Set down each record below precisely, skipping the pictures.

START Data section

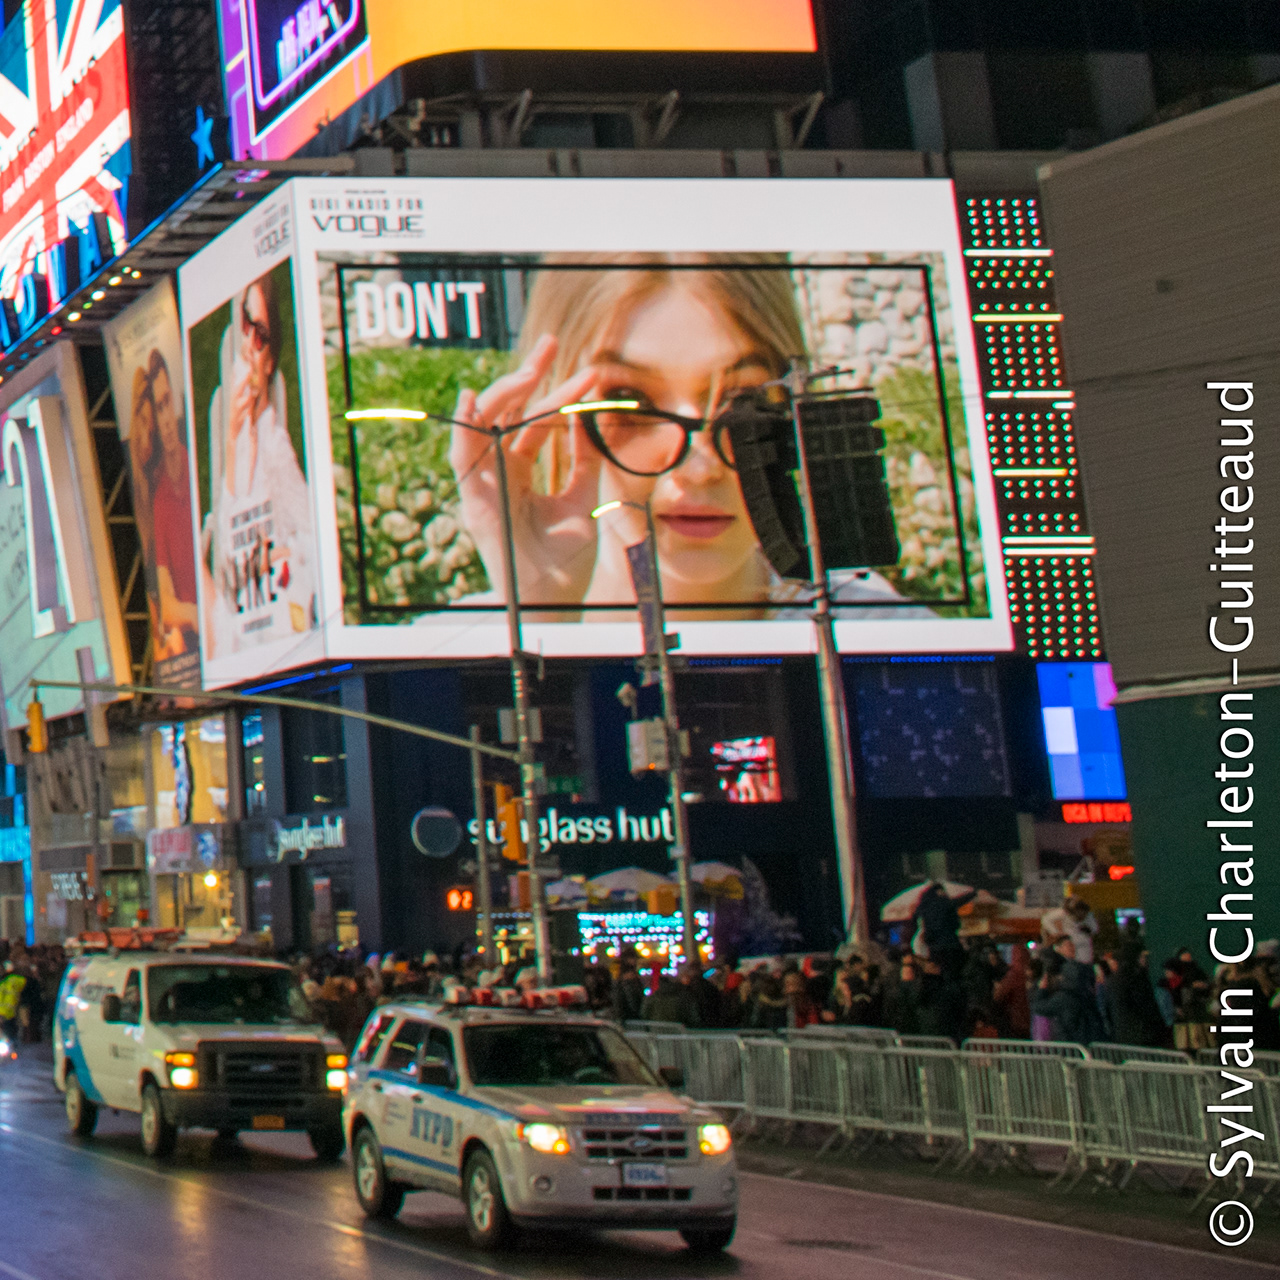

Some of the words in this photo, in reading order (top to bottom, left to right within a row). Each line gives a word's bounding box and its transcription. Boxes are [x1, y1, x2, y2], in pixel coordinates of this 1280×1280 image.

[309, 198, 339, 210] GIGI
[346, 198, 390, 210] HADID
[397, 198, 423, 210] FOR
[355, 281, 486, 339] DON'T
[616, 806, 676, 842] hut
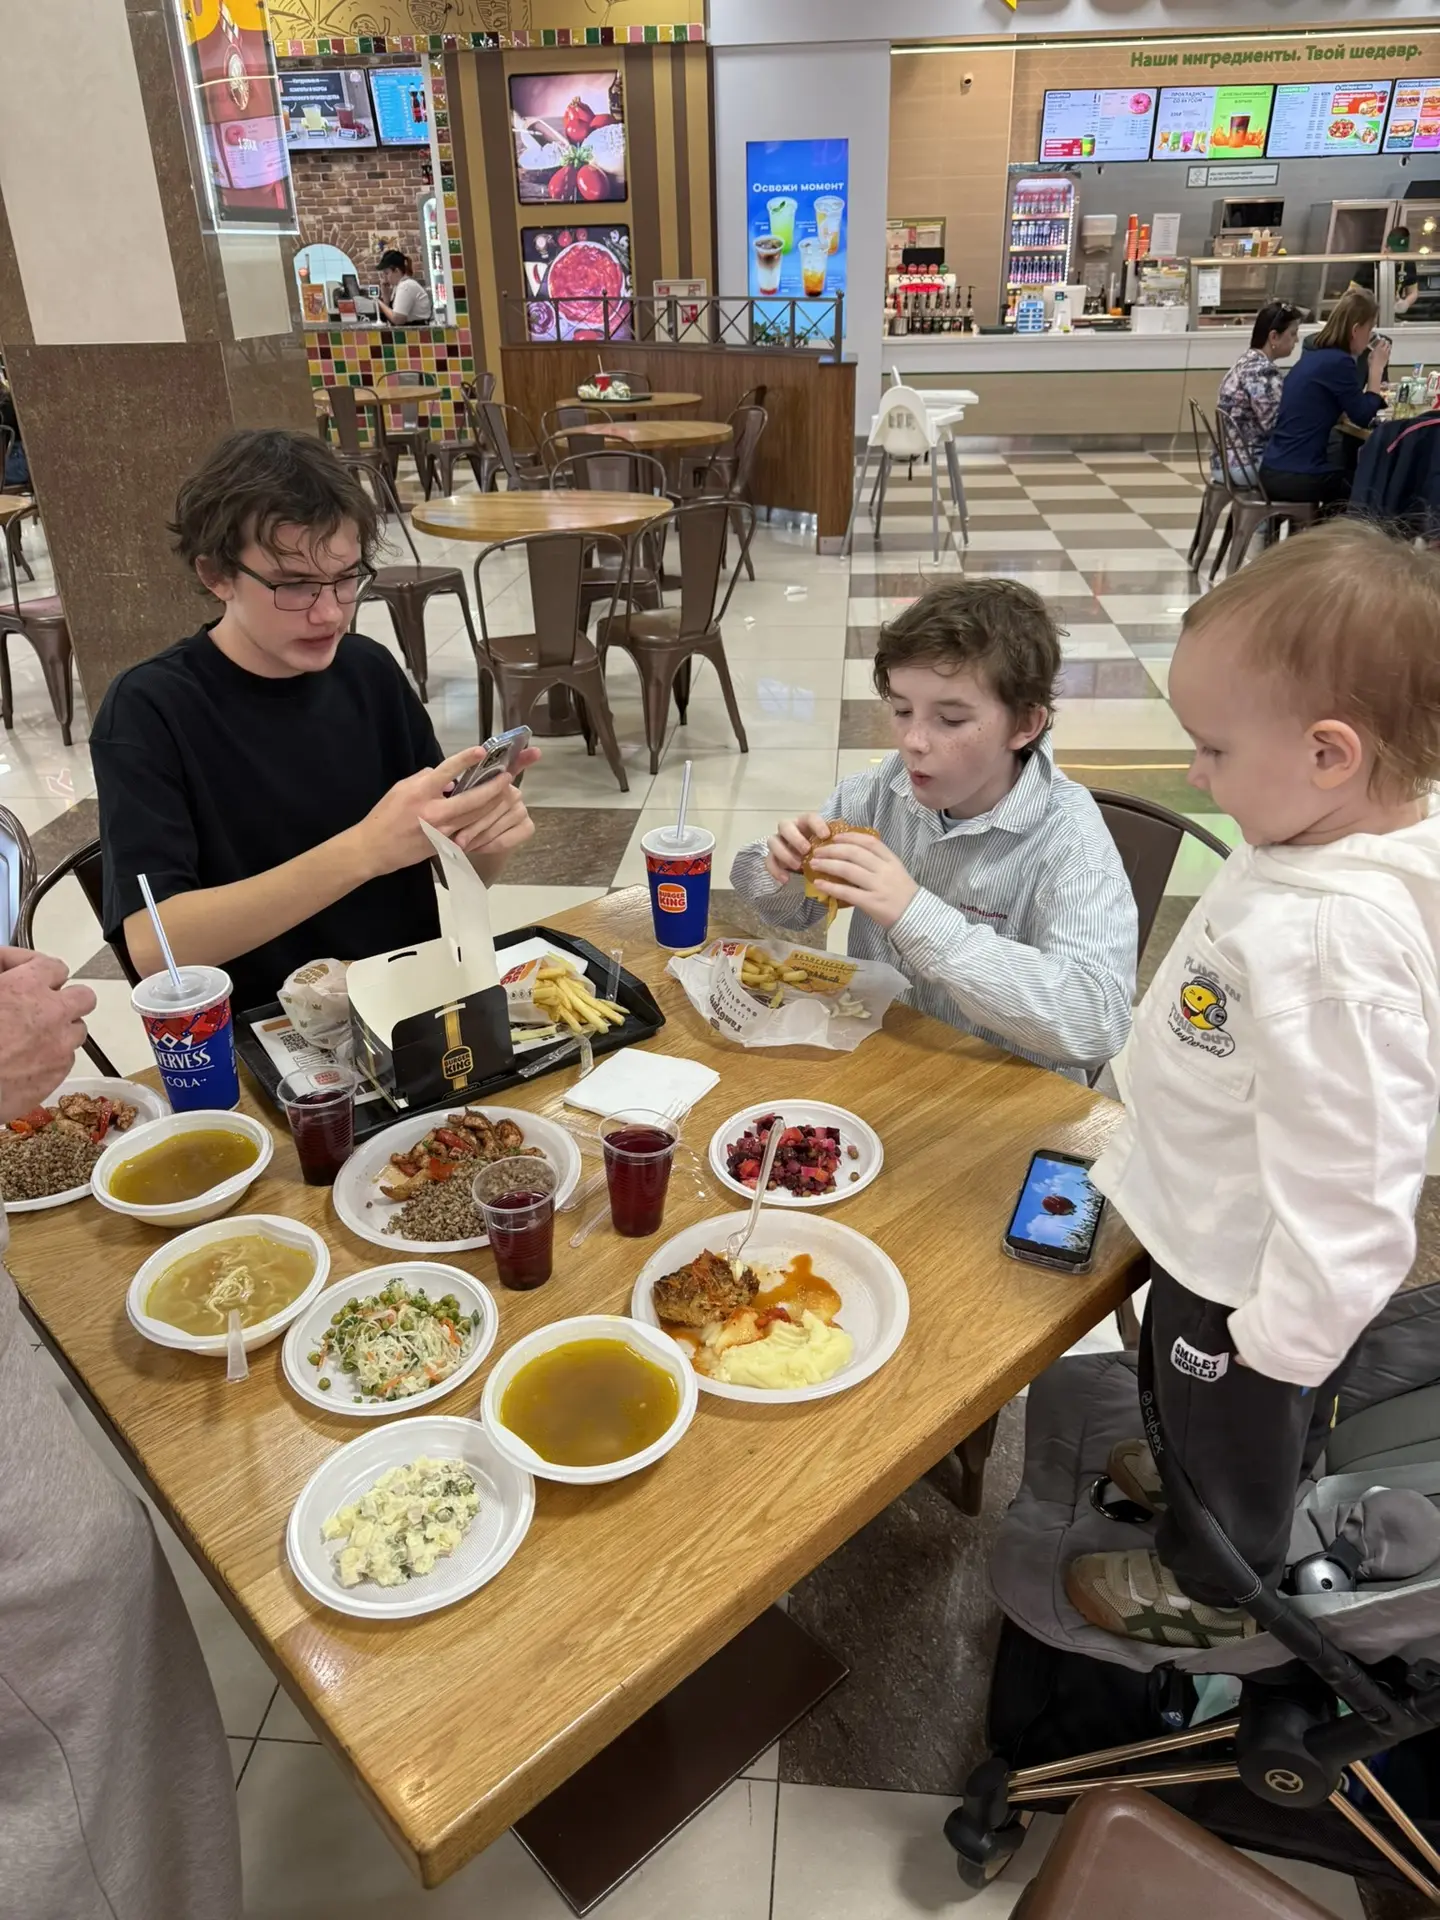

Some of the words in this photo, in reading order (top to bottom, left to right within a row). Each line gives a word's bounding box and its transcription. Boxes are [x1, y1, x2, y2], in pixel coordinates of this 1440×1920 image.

END Data section

■ Exercise solution
Some of the words in this photo, in reading order (top to bottom, left to right within a row). Each line gives a word's bounding box and its transcription. Boxes are [x1, y1, x2, y2], in pixel coordinates of this 1280×1280 image.

[309, 198, 339, 210] GIGI
[346, 198, 390, 210] HADID
[397, 198, 423, 210] FOR
[355, 281, 486, 339] DON'T
[616, 806, 676, 842] hut

Some of the words in this photo, in reading order (top to bottom, left to right within a row). Each line gives a word's bounding box and its transcription. Boxes are [x1, y1, x2, y2], in pixel coordinates of this 1440×1920 image.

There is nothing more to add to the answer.